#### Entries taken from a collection
──────

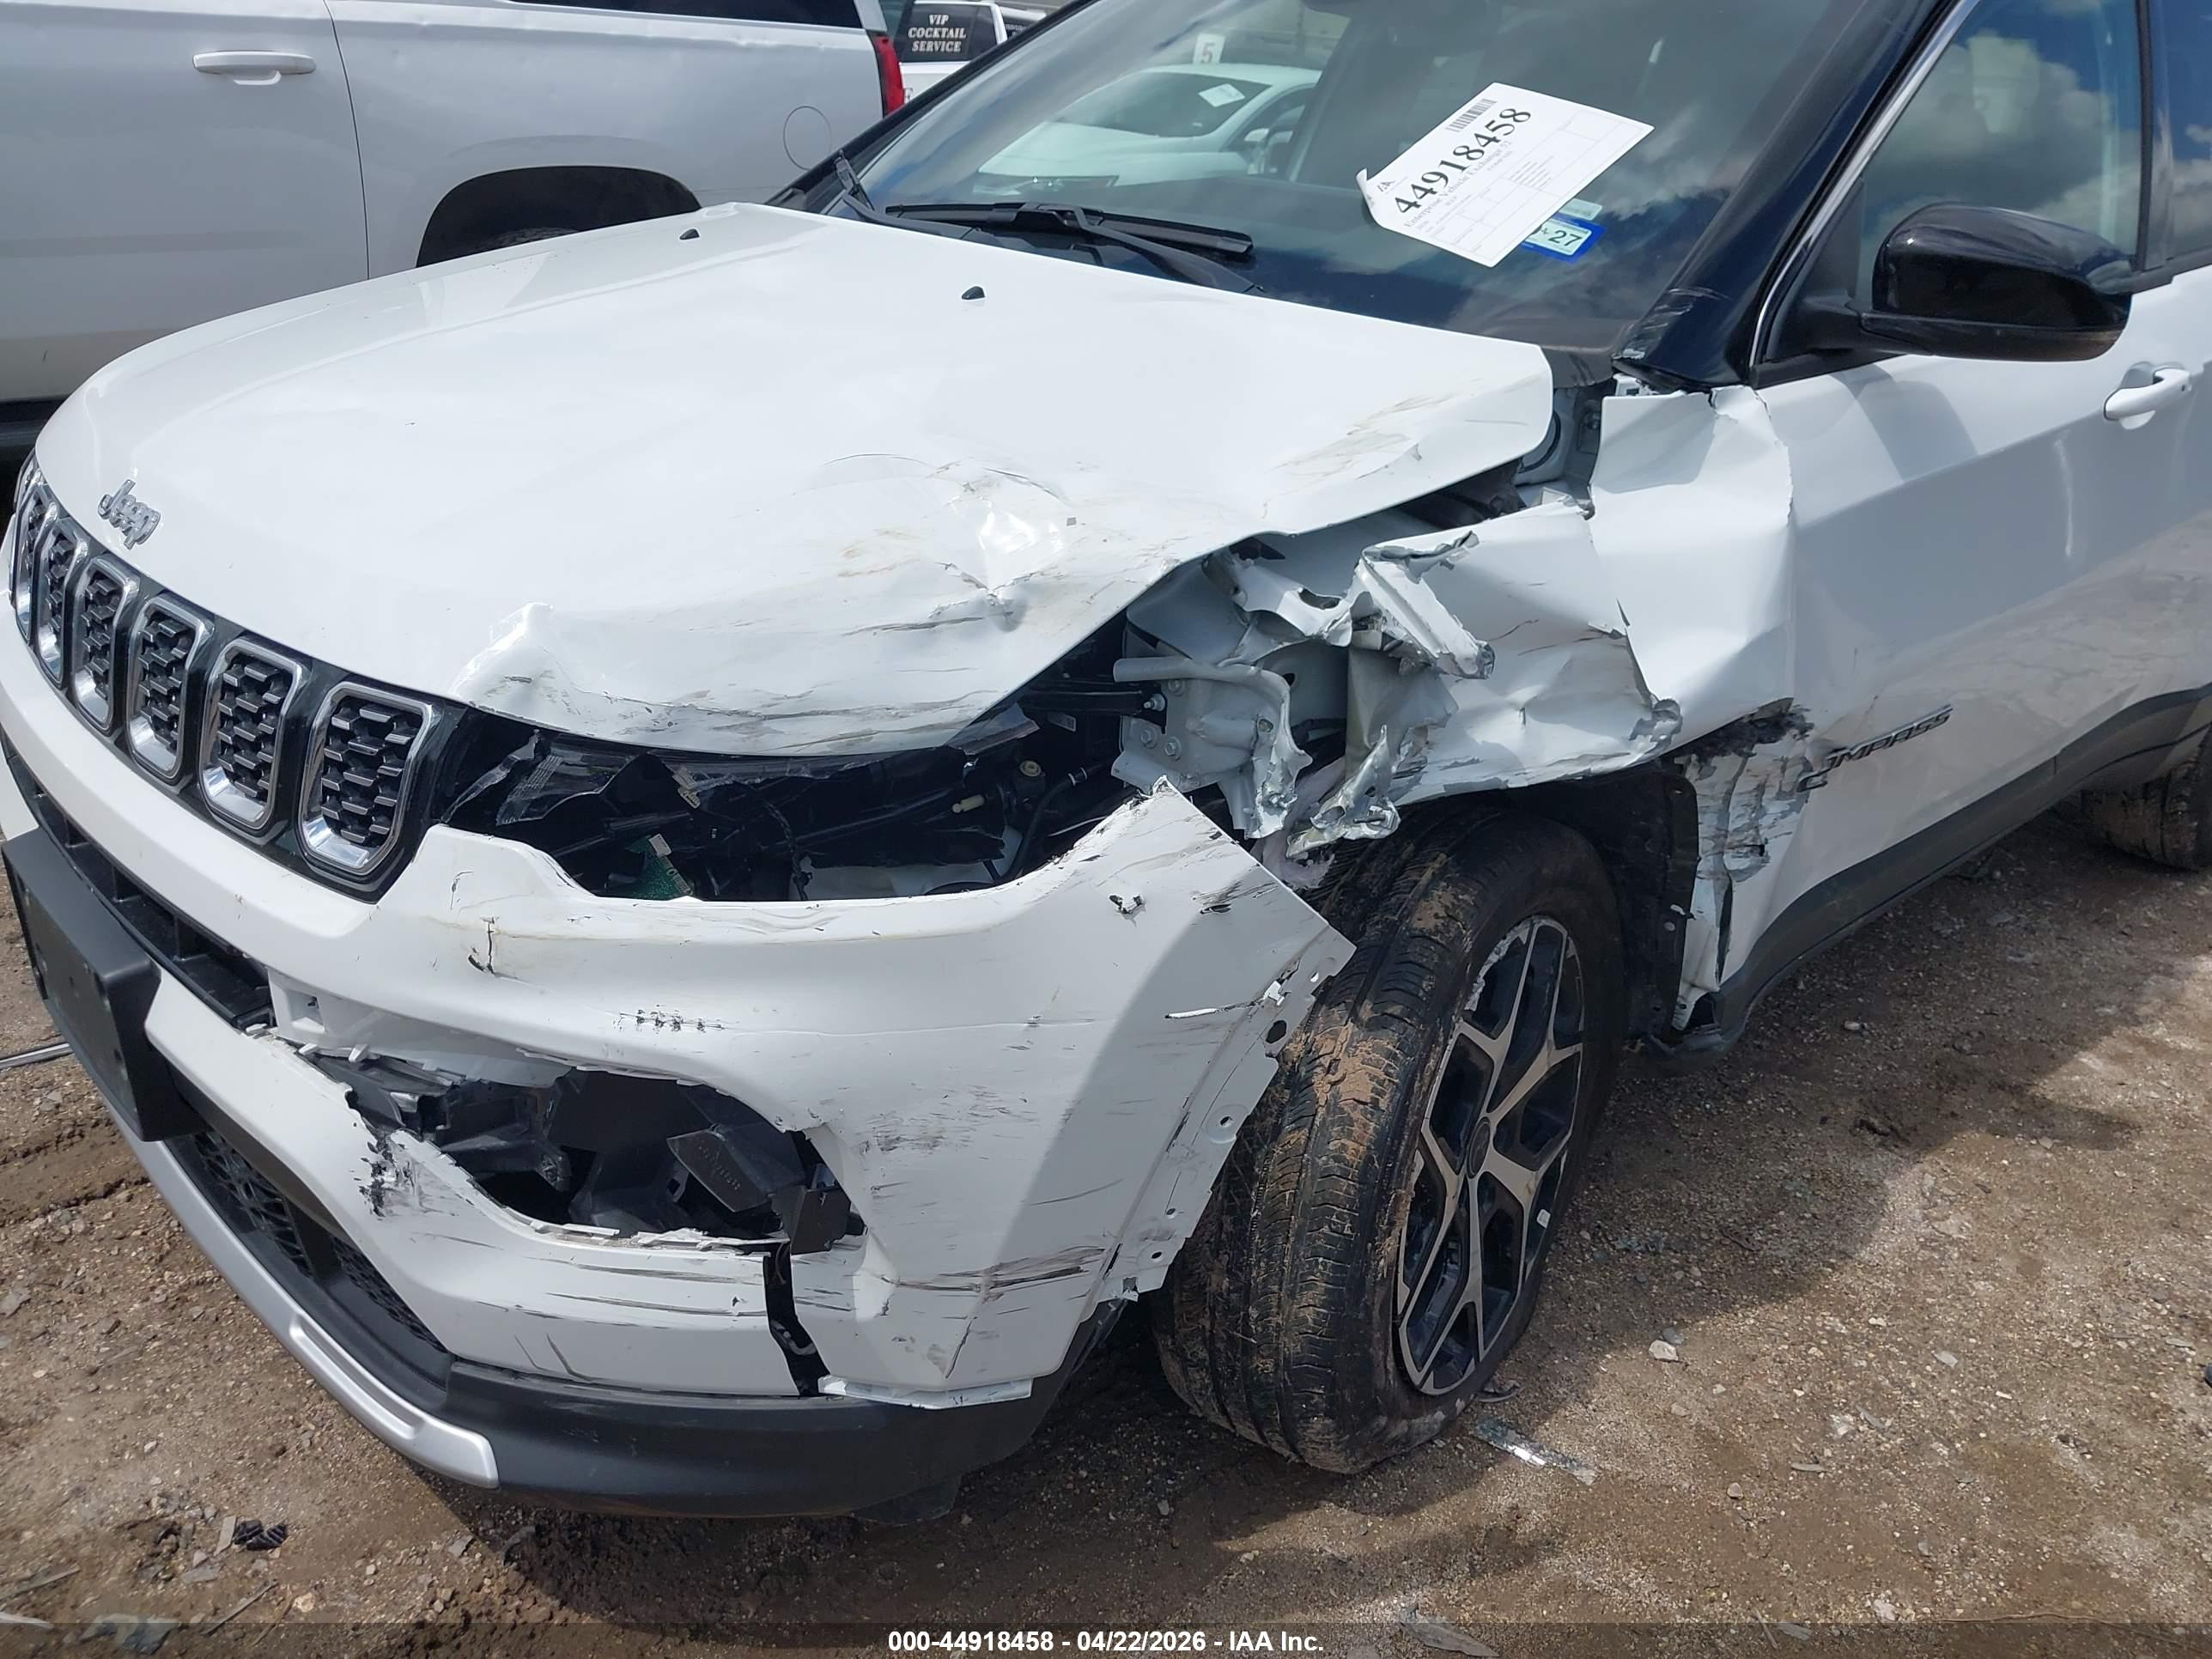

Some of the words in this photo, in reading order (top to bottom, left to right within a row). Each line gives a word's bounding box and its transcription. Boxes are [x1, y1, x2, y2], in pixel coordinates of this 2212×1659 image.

[929, 14, 949, 26] VIP
[908, 27, 966, 39] COCKTAIL
[912, 40, 962, 52] SERVICE
[1395, 107, 1532, 215] 44918458
[1548, 229, 1583, 246] 27
[97, 479, 161, 550] Jeep

──────

#### Activity
Reproduce each entry verbatim, excluding any embedded images.

#### Solution for this problem
Some of the words in this photo, in reading order (top to bottom, left to right within a row). Each line gives a word's bounding box and its transcription. Boxes are [x1, y1, x2, y2], in pixel coordinates of this 2212×1659 image.

[929, 14, 949, 26] VIP
[908, 27, 966, 39] COCKTAIL
[912, 40, 962, 52] SERVICE
[1395, 107, 1532, 215] 44918458
[1548, 229, 1583, 246] 27
[97, 479, 161, 550] Jeep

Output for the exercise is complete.